Ob ein Fußgänger einen Niveauunterschied auf dem Gehweg hinnehmen muss, kann nicht anhand von starren Grenzen entschieden werden. Hier kommt es auf die konkrete örtliche Situation an. Hierbei müssen nicht nur die Verkehrsbedeutung und die Ausmaße einer Schadstelle, sondern auch deren konkrete Lage im Verkehrsweg, dessen Zustand im Übrigen und die Beleuchtungssituation berücksichtigt werden.
Der Umfang der Verkehrssicherungspflicht wird von der Art und Häufigkeit der Benutzung des Verkehrsweges und seiner Bedeutung maßgebend bestimmt. Sie umfasst die notwendigen Maßnahmen zur Herbeiführung und Erhaltung eines für den Benutzer hinreichend sicheren Straßenzustandes, wobei jedoch absolute Gefahrlosigkeit nicht gefordert werden kann. Diese kann in der Regel nicht erwartet werden und ist auch unter Einsatz zumutbarer Mittel nicht zu erreichen. Vielmehr sind die öffentlichen Verkehrswege grundsätzlich in dem Zustand hinzunehmen, wie sie sich dem Benutzer erkennbar darbieten, wobei sich der Benutzer den gegebenen Straßenverhältnissen anpassen
muss (vgl. BGH,10.7.1980 - Az: III ZR 58/79).
Der Verkehrssicherungspflichtige muss daher in geeigneter und objektiv zumutbarer Weise alle, aber auch nur diejenigen Gefahren ausräumen und erforderlichenfalls vor ihnen warnen, die für den Benutzer, der die erforderliche Sorgfalt walten lässt, nicht erkennbar sind und auf die er sich nicht oder nicht rechtzeitig einzustellen vermag.

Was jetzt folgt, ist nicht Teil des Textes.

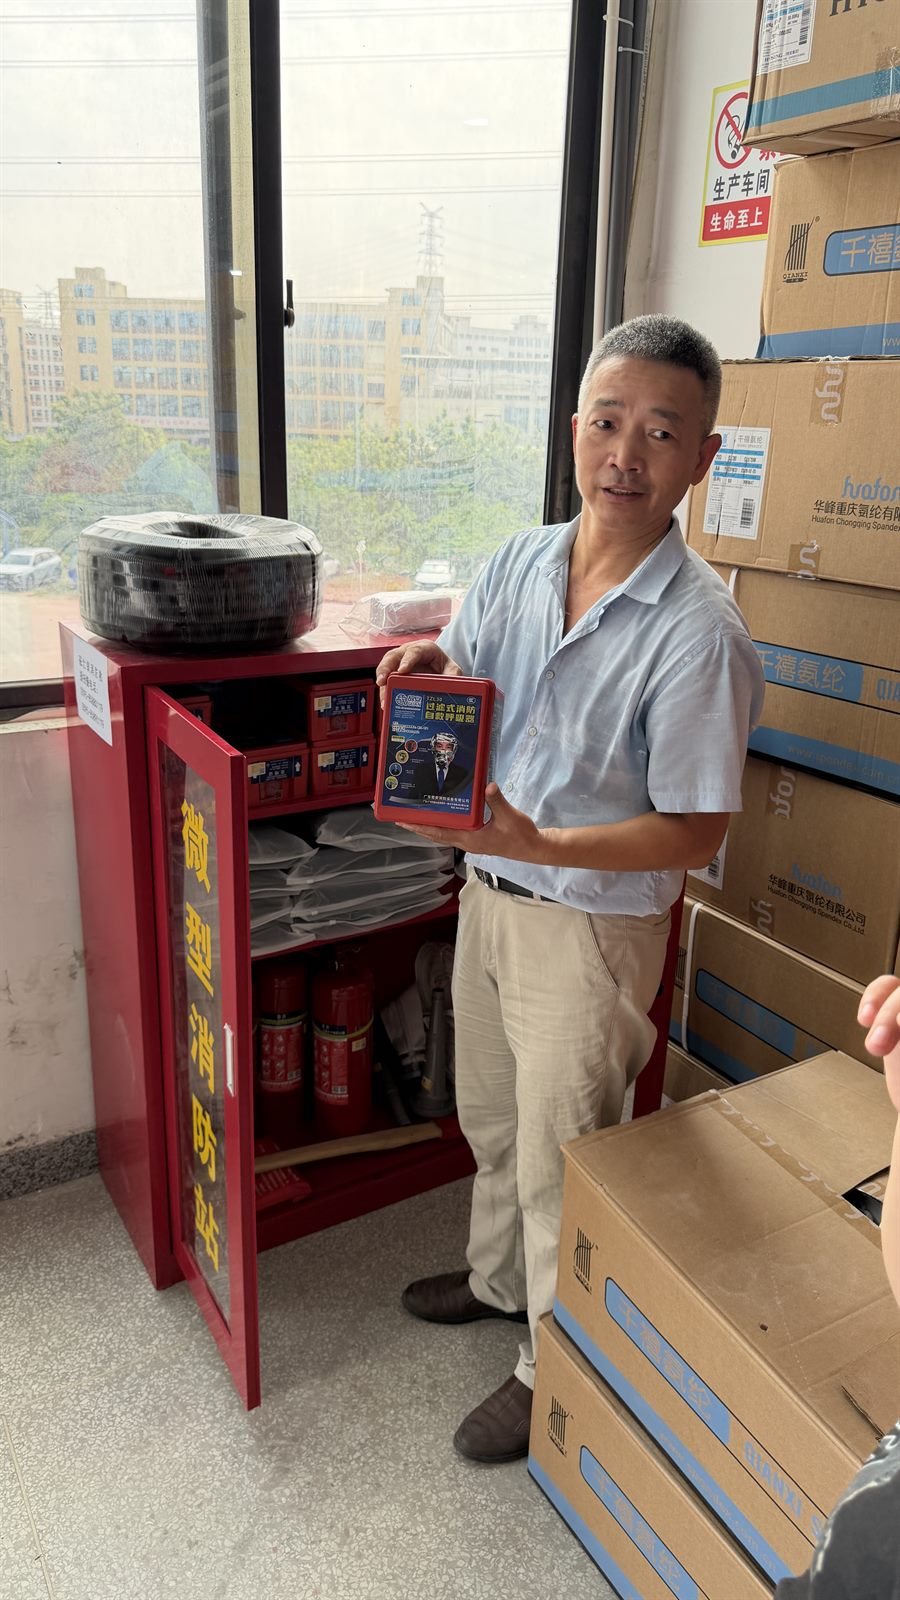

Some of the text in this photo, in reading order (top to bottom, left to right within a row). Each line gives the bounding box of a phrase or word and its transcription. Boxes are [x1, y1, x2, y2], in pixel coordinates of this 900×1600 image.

Die Verkehrssicherungspflicht dient hingegen nicht dazu, das allgemeine Lebensrisiko auf den Sicherungspflichtigen abzuwälzen. Eine haftungsbegründende Verkehrssicherungspflicht beginnt grundsätzlich erst dort, wo auch für den aufmerksamen Verkehrsteilnehmer eine Gefahrenlage überraschend eintritt und nicht rechtzeitig erkennbar ist.
Die konkrete Schadstelle befand sich vorliegend im Bereich des Bordsteins eines ansonsten intakten Gehwegs. Sie trat mithin nicht unvermittelt mitten auf einem ansonsten ebenen Bürgersteig auf. Die Benutzung der Bordsteinkante ist mit Blick auf die in jedem Fall zum Fahrbahnrand hin gegebene Höhendifferenz per se gefahrgeneigt, so dass ein umso höheres Maß an Eigensorgfalt geboten und auch erwartet werden kann, um Übertritte oder ein Abrutschen von der Bordsteinkante zu vermeiden.
Eine Verkehrssicherungspflichtverletzung konnte das Gericht vorliegend nicht feststellen.